Every record that follows must be duplicated exactly, with images left out.

-=-=-

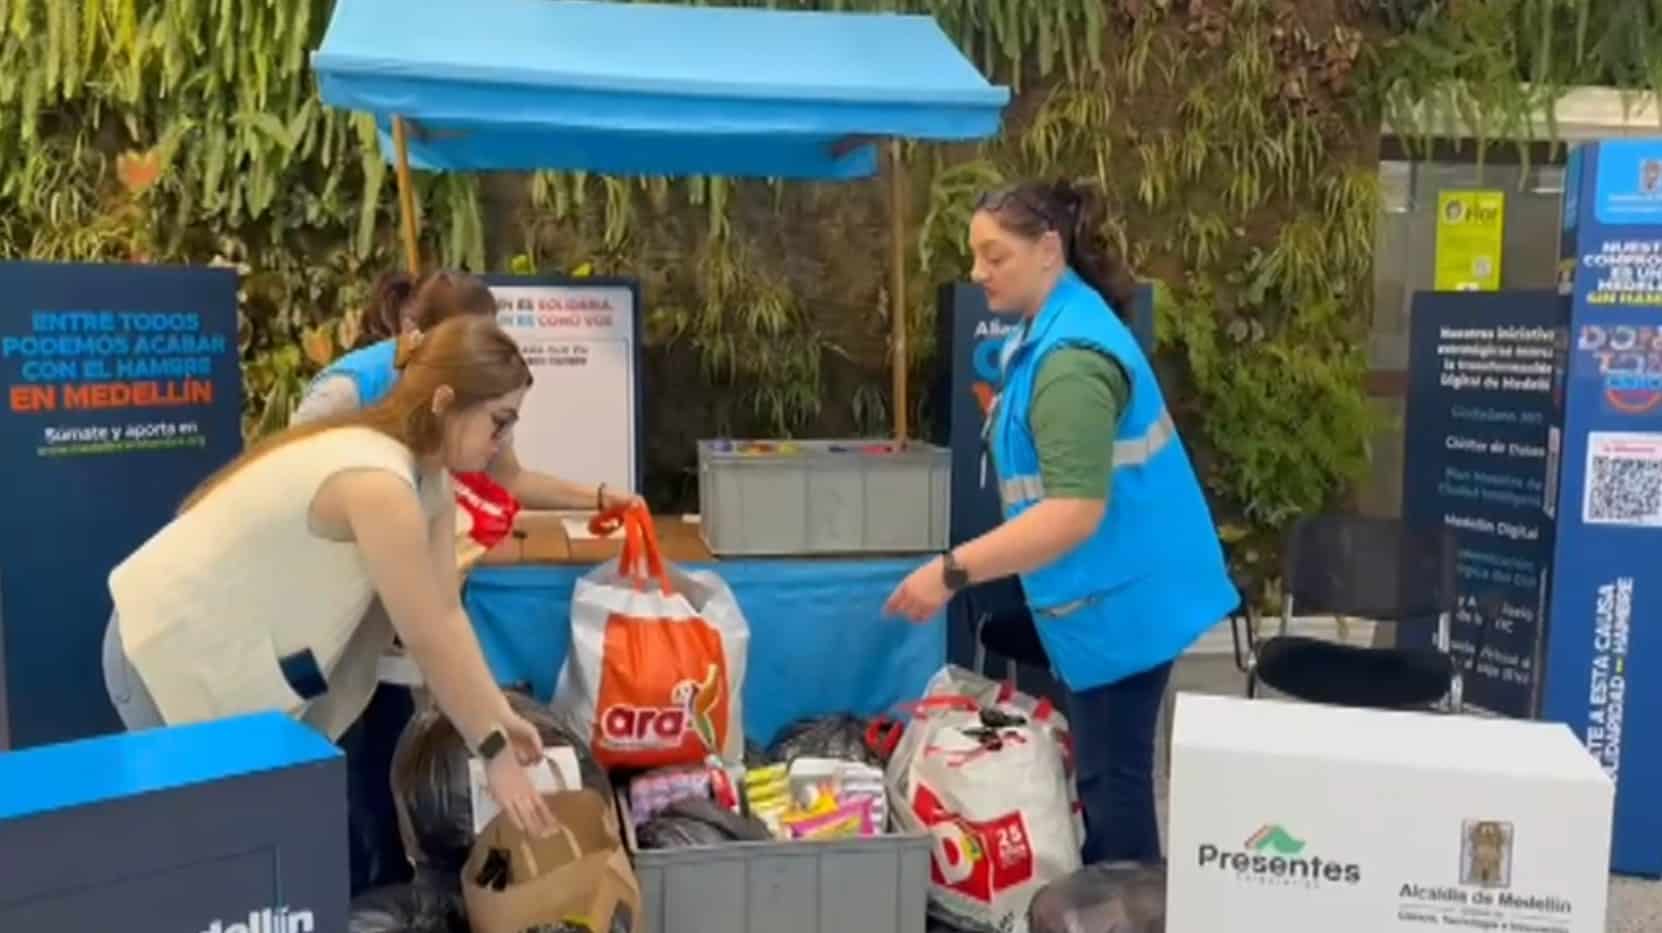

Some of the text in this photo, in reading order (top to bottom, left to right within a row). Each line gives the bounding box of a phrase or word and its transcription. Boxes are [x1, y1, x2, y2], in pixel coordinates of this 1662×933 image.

[32, 311, 201, 332] ENTRE TODOS
[2, 334, 226, 357] PODEMOS ACABAR
[22, 357, 212, 381] CON EL HAMBRE
[9, 377, 213, 413] EN MEDELLÍN
[44, 422, 198, 443] Súmate y aporta en
[1497, 521, 1539, 540] Digital
[1594, 584, 1616, 652] CAUSA
[1589, 655, 1611, 705] ESTA
[604, 705, 687, 744] ara
[1197, 843, 1361, 884] Presentes
[1471, 890, 1494, 905] de

-=-=-

* _Task response_
Some of the text in this photo, in reading order (top to bottom, left to right within a row). Each line gives the bounding box of a phrase or word and its transcription. Boxes are [x1, y1, x2, y2], in pixel coordinates of this 1662×933 image.

[32, 311, 201, 332] ENTRE TODOS
[2, 334, 226, 357] PODEMOS ACABAR
[22, 357, 212, 381] CON EL HAMBRE
[9, 377, 213, 413] EN MEDELLÍN
[44, 422, 198, 443] Súmate y aporta en
[1497, 521, 1539, 540] Digital
[1594, 584, 1616, 652] CAUSA
[1589, 655, 1611, 705] ESTA
[604, 705, 687, 744] ara
[1197, 843, 1361, 884] Presentes
[1471, 890, 1494, 905] de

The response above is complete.